Reluctance to increase substantially in the defence budget and the uncertain cost due to pandemic have added tension to an otherwise an ideal partnership! Inadvertent economic pressure due to pandemic is again raising tensions. According to experts Pakistan is the most infected nation in Asia after India, with more than 108,000 coronavirus cases and nearly 3000 deaths.
The economy is in a worst ever with the State Bank expecting the economy to shrink 1.5% in the year ending June. Indeed, this will be a bad situation.
Questions over the army’s role in running the government came to the fore when the virus started escalating in March. While Khan addressed the nation and urged citizens not to panic, it was the army spokesman who announced the lockdown the next day. Most of the press statements from the country’s virus nerve center, chaired by Planning Minister Asad Umar, are produced by the army’s ISPR– complete with its byline and logo.
It was in March 24 differences between Khan and military came out in the open when reporters asked him “who is in charge here?” Although there was no reference to the military, he threatened to leave abruptly. Then in late May, his aviation minister, Ghulam Sarwar Khan, defended the national carrier’s performance and its military leadership following a passenger plane crash in Karachi. “It’s not a crime to appoint people affiliated to the military,” he said.
Khan’s hold on power would continue to diminish as current and retired army officers, as well as army-backed political appointees such as Interior Minister Brig (R) Ejaz Shah assume more executive authority, according to Arif Rafiq, president of New York-based Vizier Consulting, a risk advisory firm focused on the Middle East and South Asia. He claims that Khan will come under further pressure as Pakistan’s economic challenges would continue to mount. He and other expert analysts believe
“The army has signalled its dissatisfaction with Khan’s handling of the coronavirus lockdowns — there are also indications that the army has not been happy with the handling of the China-Pakistan Economic Corridor as well as governance in Punjab, the largest province,” Rafiq said. “We’ve seen the chief military spokesman openly push for a tougher lockdown and a retired army officer assume roles as a government spokesman and top CPEC administrator.”

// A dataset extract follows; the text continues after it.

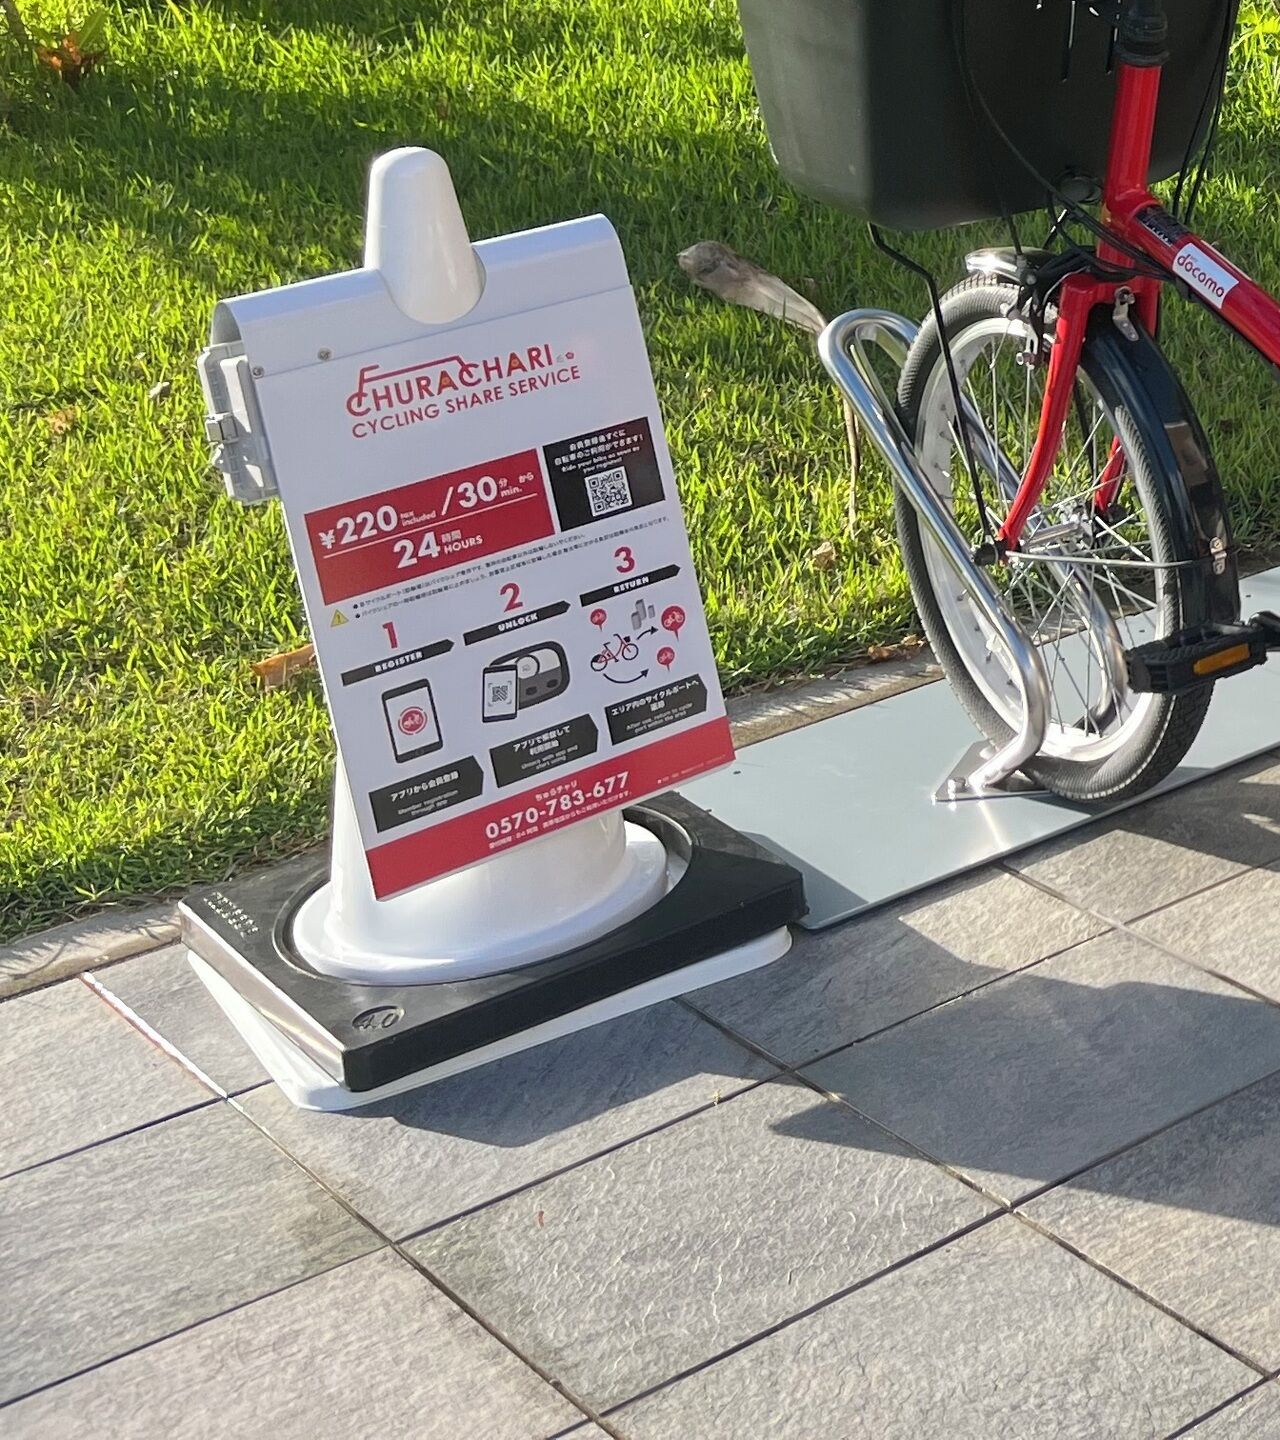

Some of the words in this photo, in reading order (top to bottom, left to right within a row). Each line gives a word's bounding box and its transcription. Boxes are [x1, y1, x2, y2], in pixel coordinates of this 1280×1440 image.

Experts say the military last year had already begun taking a more active role in policy making beyond foreign and national security policy, with Army Chief Qamar Javed Bajwa meeting top business leaders privately to find ways to boost the economy. It was considered total surrender to military when country’s Parliament was made to adopt a law in January giving Bajwa a three-year extension starting from November 2019. He was also made a member of government’s economic board.
No doubt many democracies appoint retired military officers to senior government positions; it becomes embarrassing if the civilians assume to be lame ducks in power with military calling the shots. According to Michael Kugelman, a Washington, D.C. based South Asia senior associate at The Wilson Center. “And herein lies the risk to democracy,” he said. “If retired generals are more influenced by their former bosses than by their current bosses, then democracy is not being properly served”. Indeed, its deliberate undermining of democracy.